++++ Records for processing ++++
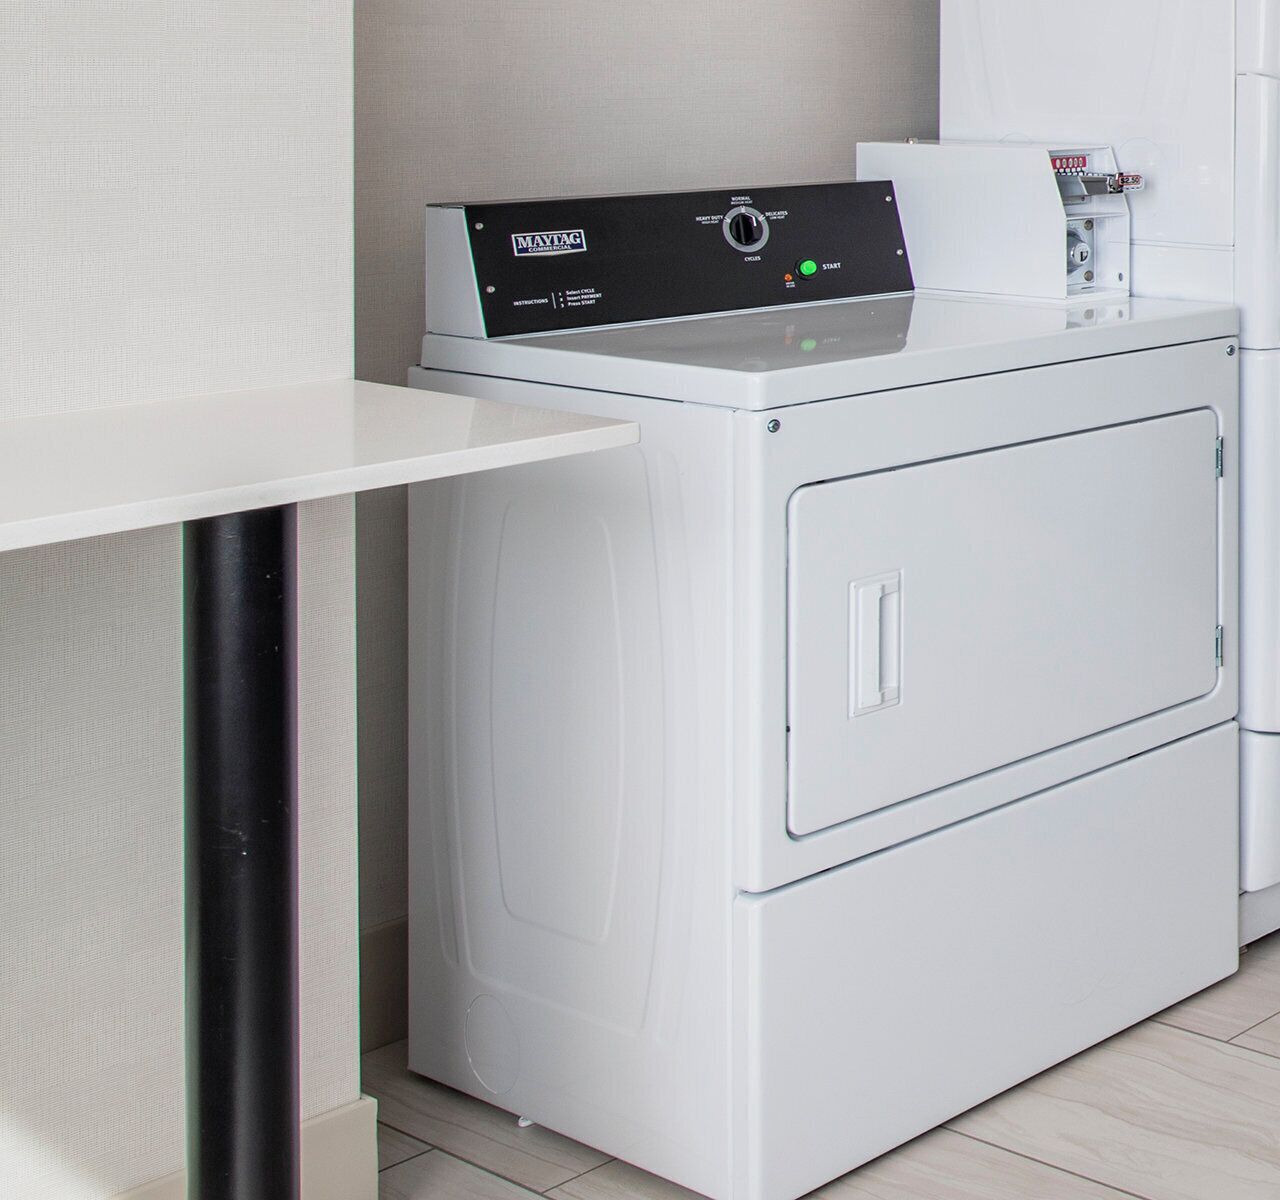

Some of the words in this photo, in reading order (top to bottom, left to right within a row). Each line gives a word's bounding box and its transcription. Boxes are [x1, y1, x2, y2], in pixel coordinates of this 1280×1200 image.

[516, 232, 581, 249] MAYTAG
[528, 244, 572, 253] COMMERCIAL
[822, 262, 841, 270] START
[513, 298, 549, 306] INSTRUCTIONS
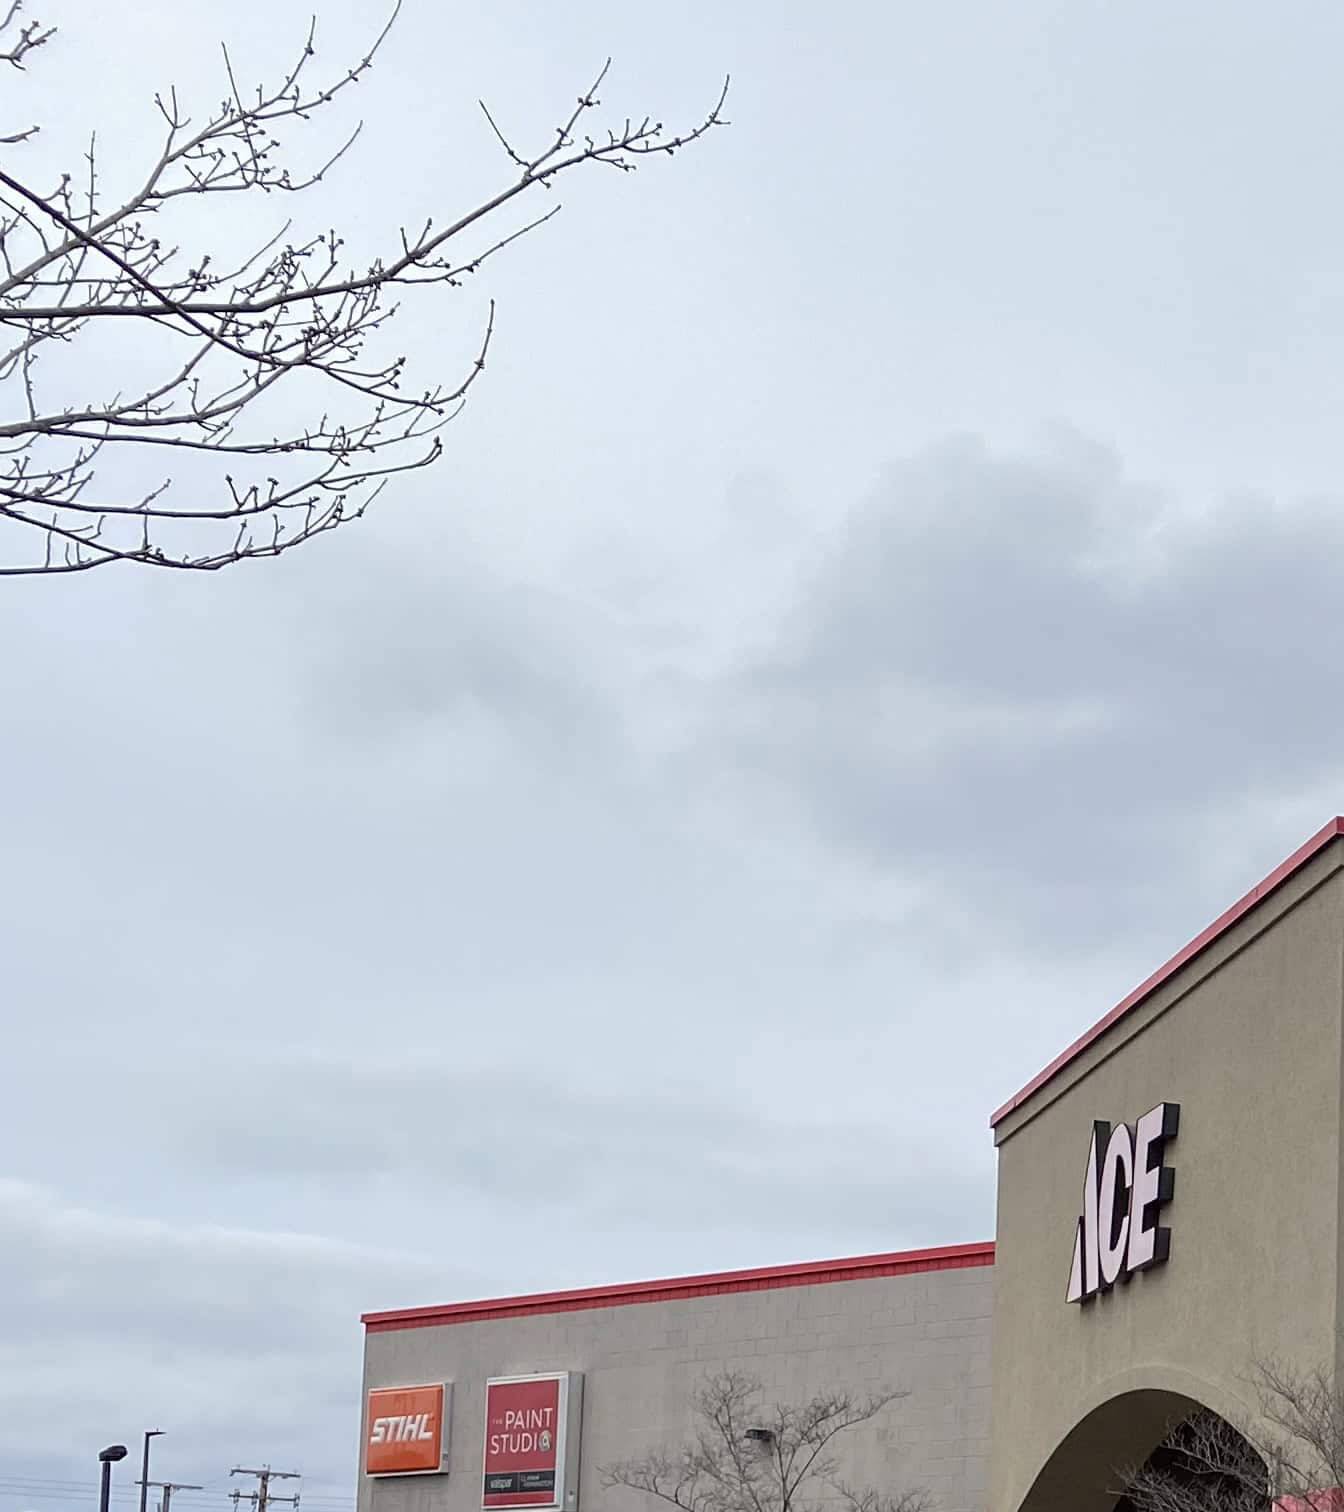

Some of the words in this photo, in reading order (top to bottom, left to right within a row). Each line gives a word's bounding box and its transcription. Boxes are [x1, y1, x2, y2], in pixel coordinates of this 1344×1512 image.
++++
» Work required
The records above should be copied word for word, with the pictures left out.

» Response
Some of the words in this photo, in reading order (top to bottom, left to right within a row). Each line gives a word's bounding box and its transcription. Boxes are [x1, y1, x2, y2], in pixel coordinates of this 1280×1200 image.

[516, 232, 581, 249] MAYTAG
[528, 244, 572, 253] COMMERCIAL
[822, 262, 841, 270] START
[513, 298, 549, 306] INSTRUCTIONS

Some of the words in this photo, in reading order (top to bottom, left to right within a row). Each line gives a word's bounding box and its transcription. Boxes are [x1, y1, x2, y2], in pixel coordinates of this 1344×1512 image.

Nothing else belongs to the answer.